Saturday, 16 February 2019

Outline for romantic-drama screenplay BORN AGAIN


BORN AGAIN

                                                                by Andrew Hawcroft

                                                                 Three Page Outline

PROLOGUE

Red dawn.  Saturday.

15 year-old John Nolan wakes up alone in his tiny bedroom.  The calendar on the wall has days crossed off until today, circled in black.  The Big Day.  The day when John finally becomes worth something.  Today, John will get his first crack at an Irish Dancing World Title.  Then he will matter.

He really is alone in this, though.  His father, Donald Nolan, a cleaner, cares nothing about it.  His vague daily aim is to finish work and get to the pub early and join his surrogate drinking ‘family,’ of similarly broken and hiding men.   His son, through sheer grit and focus, is showing character traits that Donald never bothered to develop. He’s becoming something his father can only sit in the shadow of, and that rests badly with Donald.  Thus he rarely misses a chance to complain about, or take a crack at, his son’s ambitions and achievements.  Yes, John is going to do it quite alone today.

But the hardest childhoods often make the most interesting children, and John is driven like no other.  He finds the money for his dancing, his fees, his shoes and his transport, himself. He disciplines himself. Trains by himself. He will become Somebody in his life by himself.   When he turns 16, he will be out the door and into a bedsit.  He will live alone and he can’t wait.

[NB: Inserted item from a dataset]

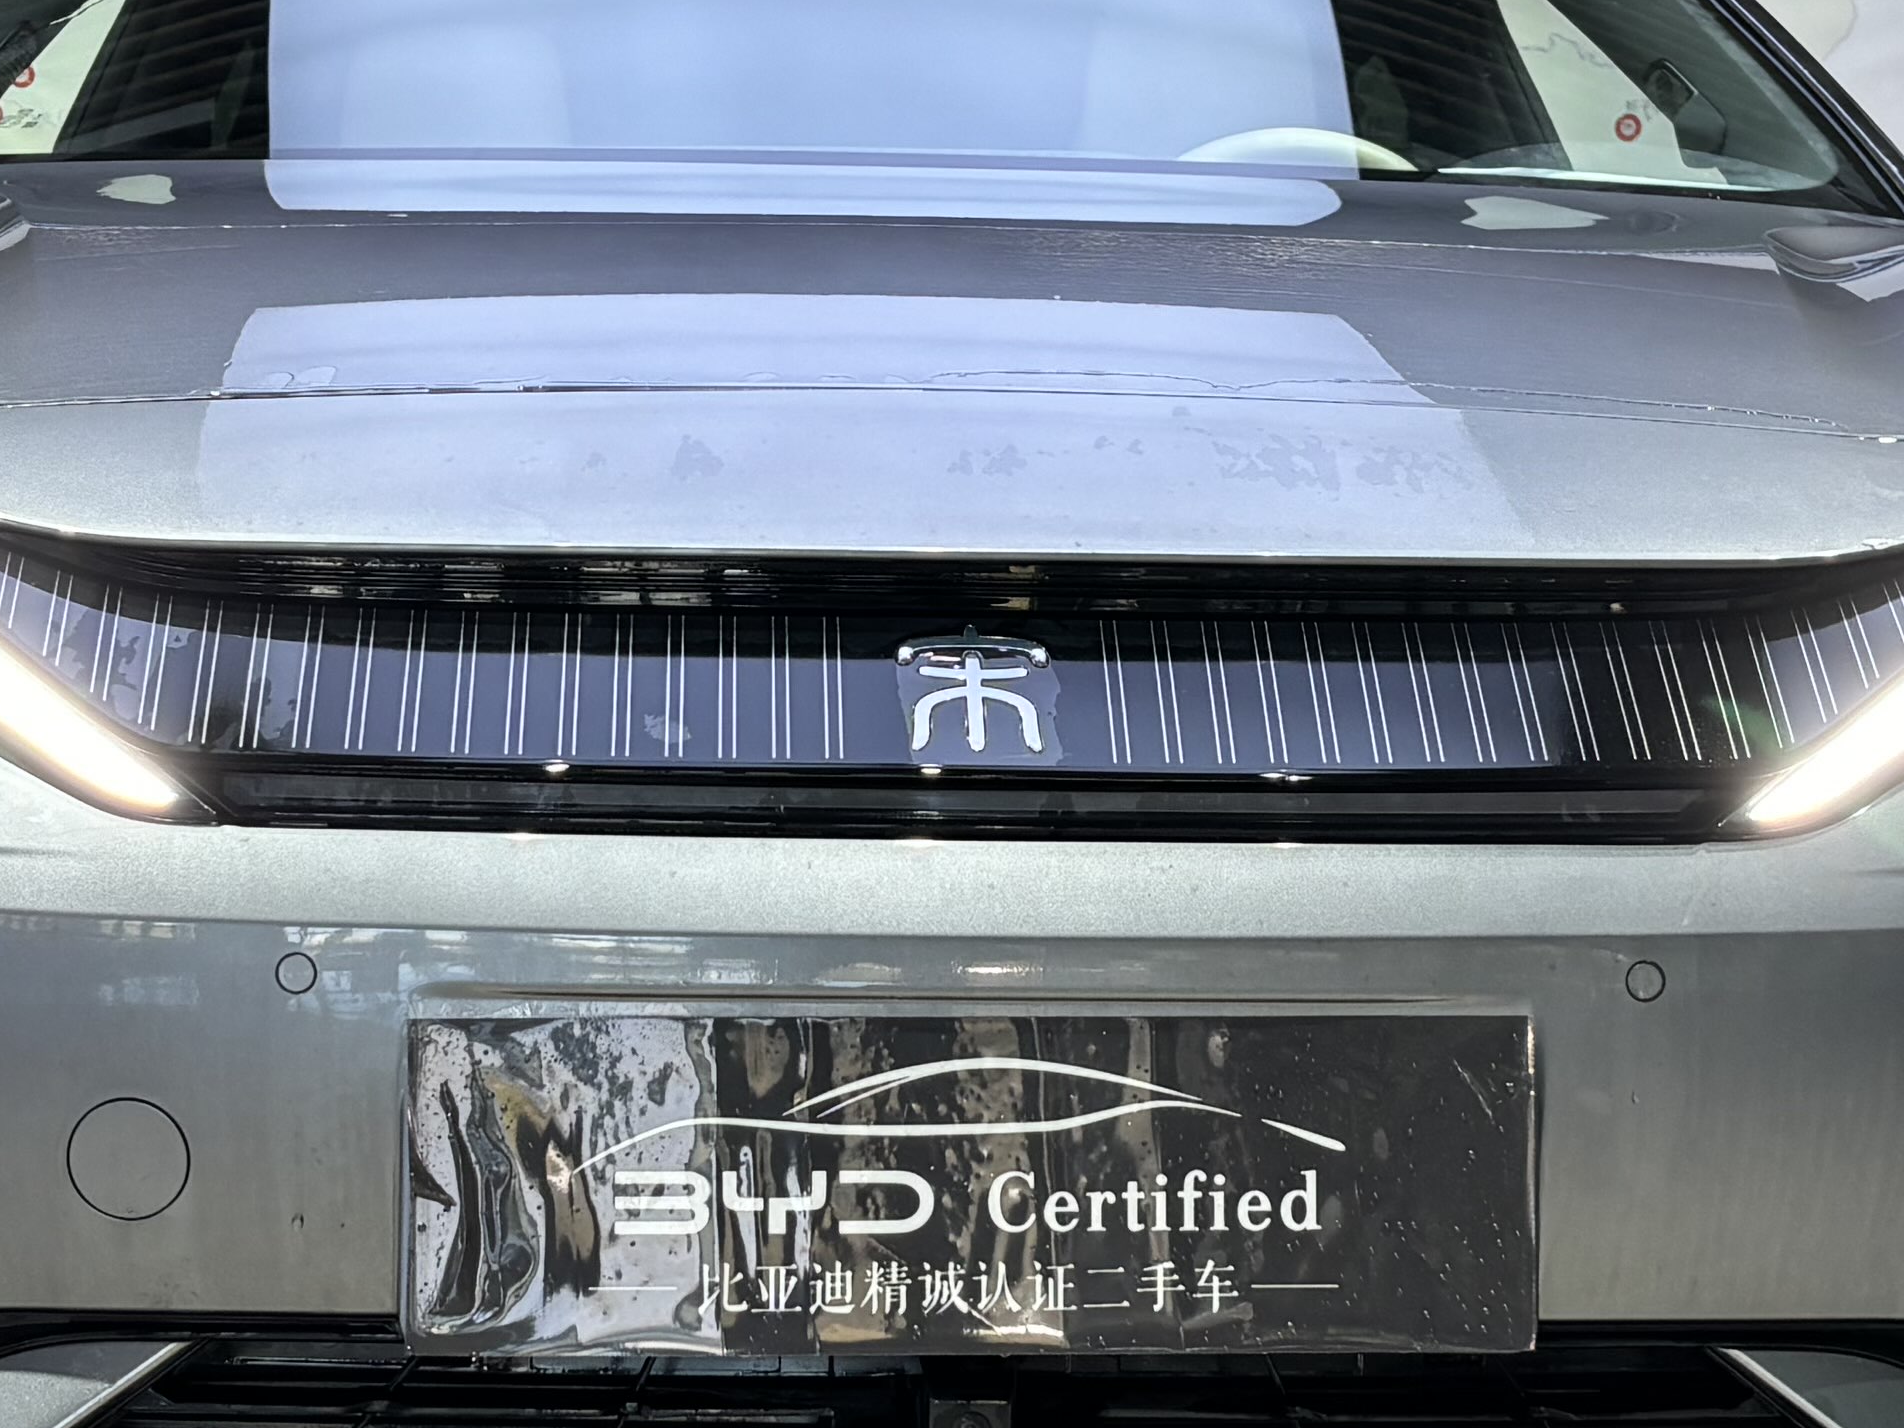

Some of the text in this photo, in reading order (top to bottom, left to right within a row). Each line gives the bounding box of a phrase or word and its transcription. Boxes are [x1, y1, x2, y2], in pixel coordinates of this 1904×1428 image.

[614, 1169, 1322, 1235] BYD Certified
[698, 1259, 1239, 1315] 比亚迪精诚认证二手车

Then, on the journey to the World Irish Dancing championships venue, riding with a friend, their vehicle is blind-sided by a drunk driver.  Both his legs are broken, an arm, his collar bone...

End of. 

For a long time...

TODAY

A red dawn.  Saturday.  

John Nolan wakes up alone in a small flat in a small Irish town. Eerily similar start to the day perhaps, only this time John is 45 years-old.

The last 30 years have been a cavalcade of drive, huge ambition, hard work, near-misses, almost-success, failed ventures and failed relationships.   Somehow, incredibly so given his great self-discipline and determination, John has not managed to achieve any of those childhood dreams and ambitions of a global dancing career, and is ending up effectively living his worse-case scenario.
John owns a very small Irish dancing studio not far (enough) from where he grew up.  (This is all he could afford, where the work is, etc.)  This Saturday morning will involve a series of junior classes, teaching (too) young children baby steps while hard-lipped parents look on.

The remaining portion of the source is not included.